LIVE: Sharon Isbin & Mark O’Connor @ The Egg, 3/14/10
Classical guitarist Sharon Isbin was immediately embraced by the audience’s loud, enthusiastic applause as she walked out onto The Egg’s Swyer Theatre stage.
But within seconds after she sat down and put her instrument across her lap, it was so quiet you could hear a pin drop – and if one had, it would have echoed in that anticipatory silence like a steel girder falling at a construction site. With a smile, she launched into a passionate interpretation of a Spanish composition associated with the great classical guitar legend, Segovia.
On Sunday afternoon, two-time Grammy-winning guitarist Isbin shared a double-bill with violinist-composer extraordinaire Mark O’Connor. She performed a repertoire primarily culled from her recent album “Journey to the New World,” while O’Connor concentrated on selections from his latest outing, “Americana Symphony: Variations on Appalachia Waltz.”
They traded solo performances during the program, but Isbin and O’Connor combined their talents at the close of each set for some dazzling, and the interplay between these two masters was breathtaking – notes chasing and dancing with each other in perfect harmony.
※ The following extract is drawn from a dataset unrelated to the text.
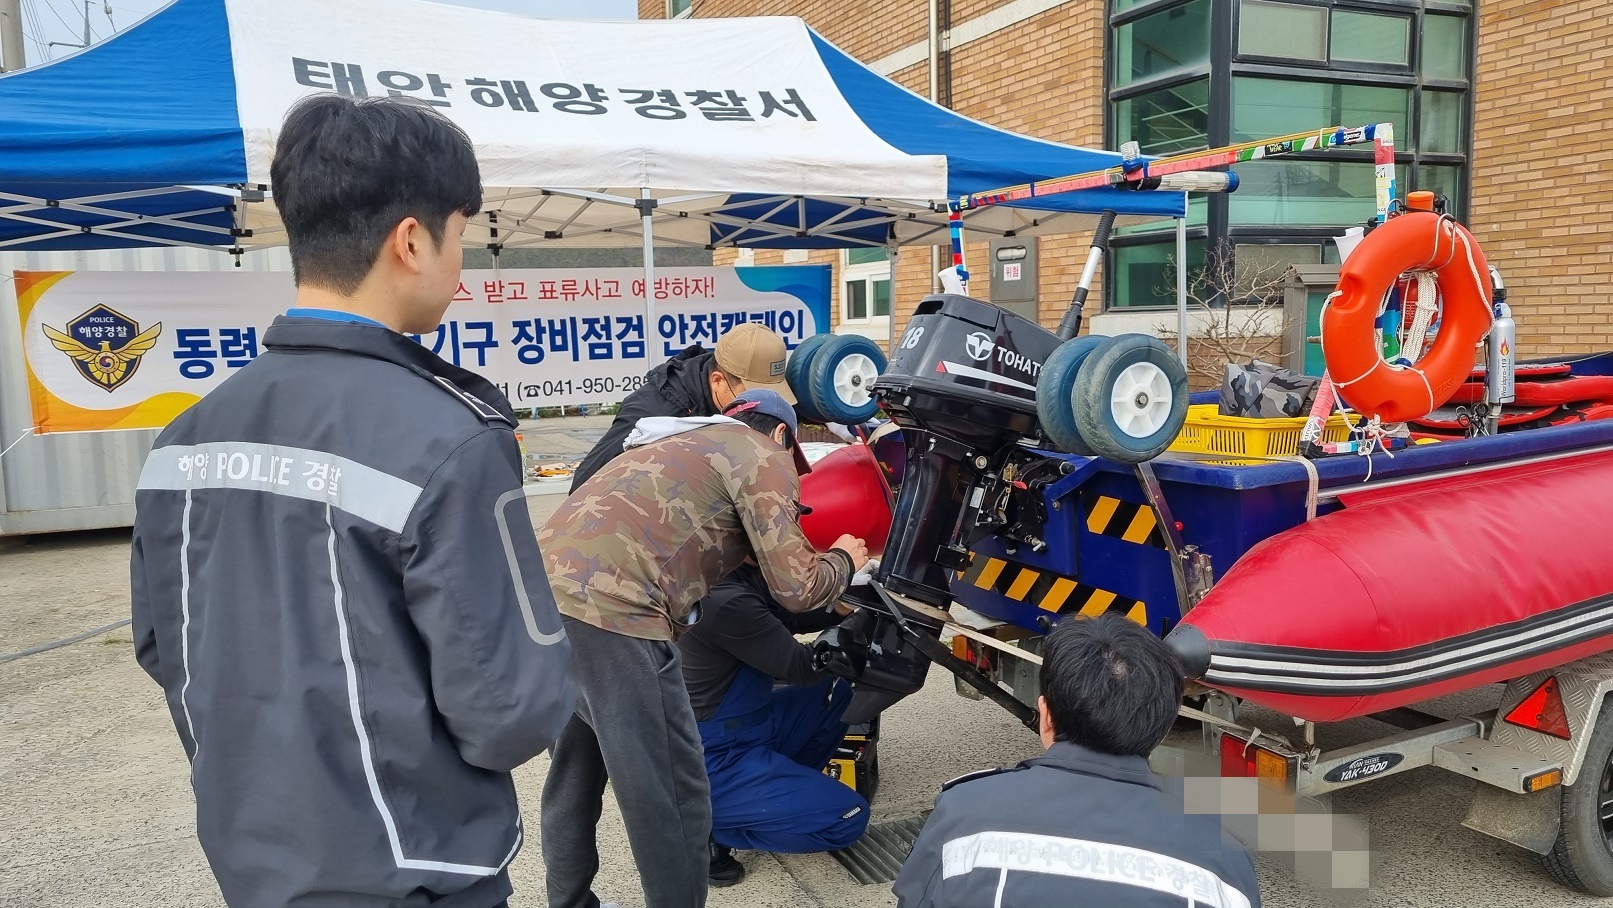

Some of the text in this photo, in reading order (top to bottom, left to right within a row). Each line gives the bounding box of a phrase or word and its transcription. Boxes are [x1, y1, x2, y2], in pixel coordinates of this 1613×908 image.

One of many interesting standouts was Isbin’s second set opener and tribute to the famed 1960s folk icon, “The Joan Baez Suite.” Its homespun patchwork-quilt of Americana music included Pete Seeger’s “Where Have All The Flowers Gone,” “Fantasia” and “The Lilly of the West.” O’Connor’s themes likewise traversed the American musical landscape, in both a historically and decidedly contemporary fashion.
Regardless of who played what on Sunday, the audience was definitely treated to a musical feast for the ears – and for the soul.